→ **Aim of the task**: All the lines below need to be transcribed exactly. Pictures get left out.

→ **Study material**:
= = = = = = =

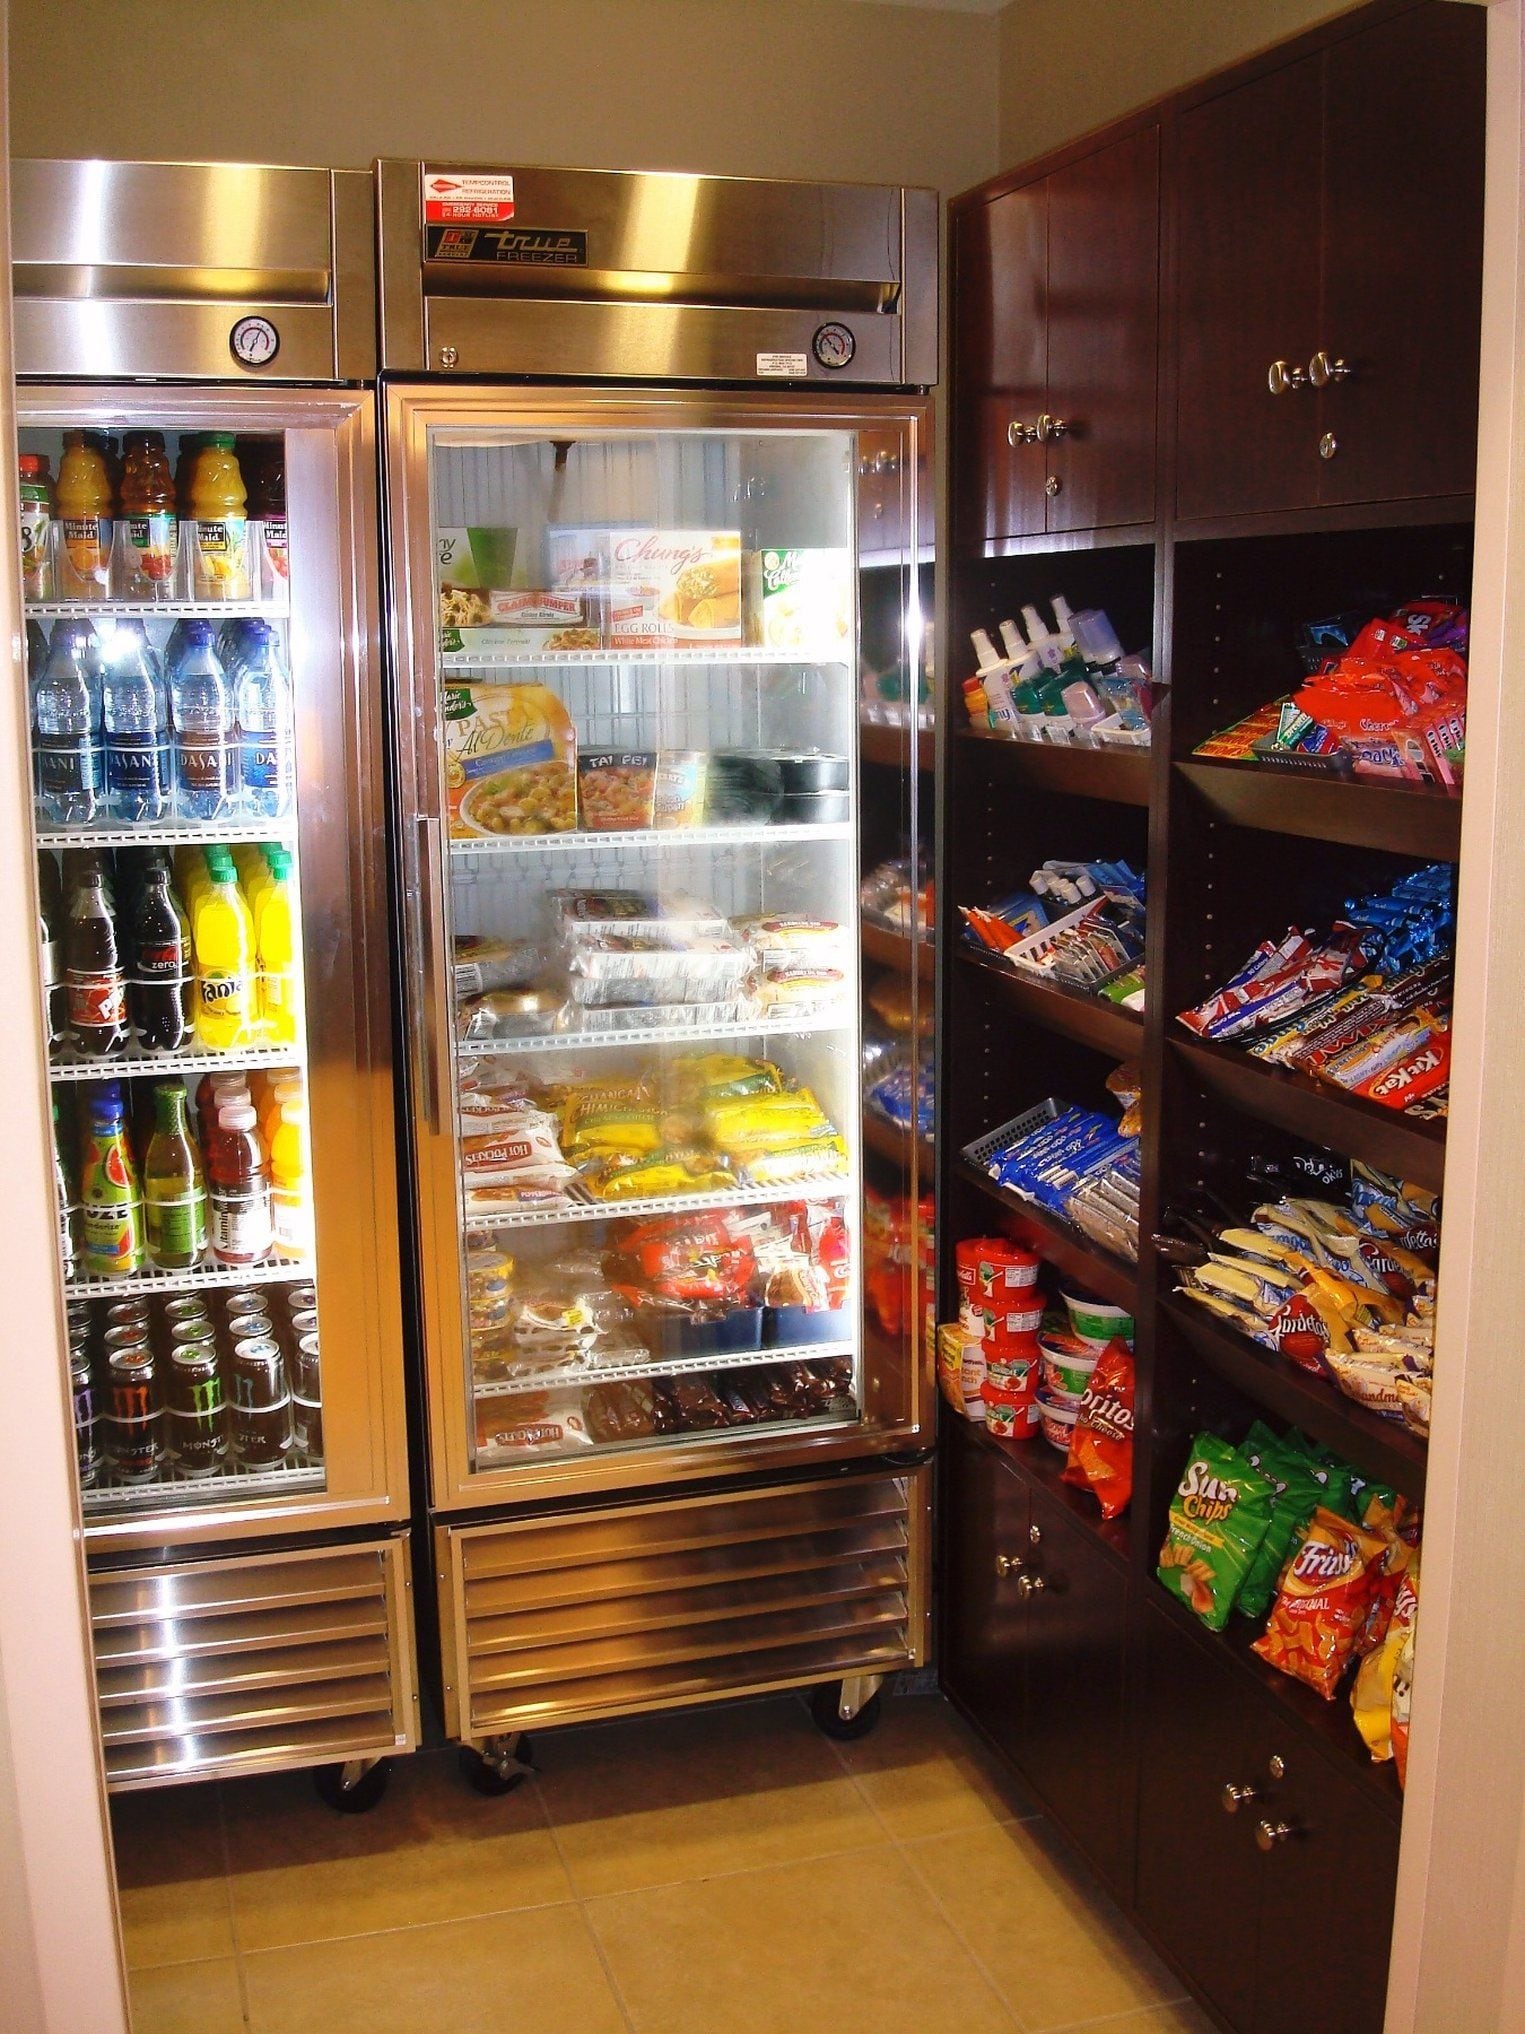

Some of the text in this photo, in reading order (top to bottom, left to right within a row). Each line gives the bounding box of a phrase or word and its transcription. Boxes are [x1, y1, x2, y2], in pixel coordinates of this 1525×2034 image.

[496, 251, 577, 263] FREEZER
[65, 521, 98, 531] Minute
[68, 531, 94, 539] Maid
[614, 535, 708, 576] Chung's
[614, 622, 639, 634] EGG
[180, 752, 232, 770] DASAI
[589, 755, 613, 768] TAI
[151, 959, 177, 969] zero
[465, 1148, 508, 1165] POCKETS
[1177, 1461, 1238, 1503] Sun
[1183, 1494, 1233, 1526] Chips

= = = = = = =

→ **Your response**:
Some of the text in this photo, in reading order (top to bottom, left to right within a row). Each line gives the bounding box of a phrase or word and its transcription. Boxes are [x1, y1, x2, y2], in pixel coordinates of this 1525×2034 image.

[496, 251, 577, 263] FREEZER
[65, 521, 98, 531] Minute
[68, 531, 94, 539] Maid
[614, 535, 708, 576] Chung's
[614, 622, 639, 634] EGG
[180, 752, 232, 770] DASAI
[589, 755, 613, 768] TAI
[151, 959, 177, 969] zero
[465, 1148, 508, 1165] POCKETS
[1177, 1461, 1238, 1503] Sun
[1183, 1494, 1233, 1526] Chips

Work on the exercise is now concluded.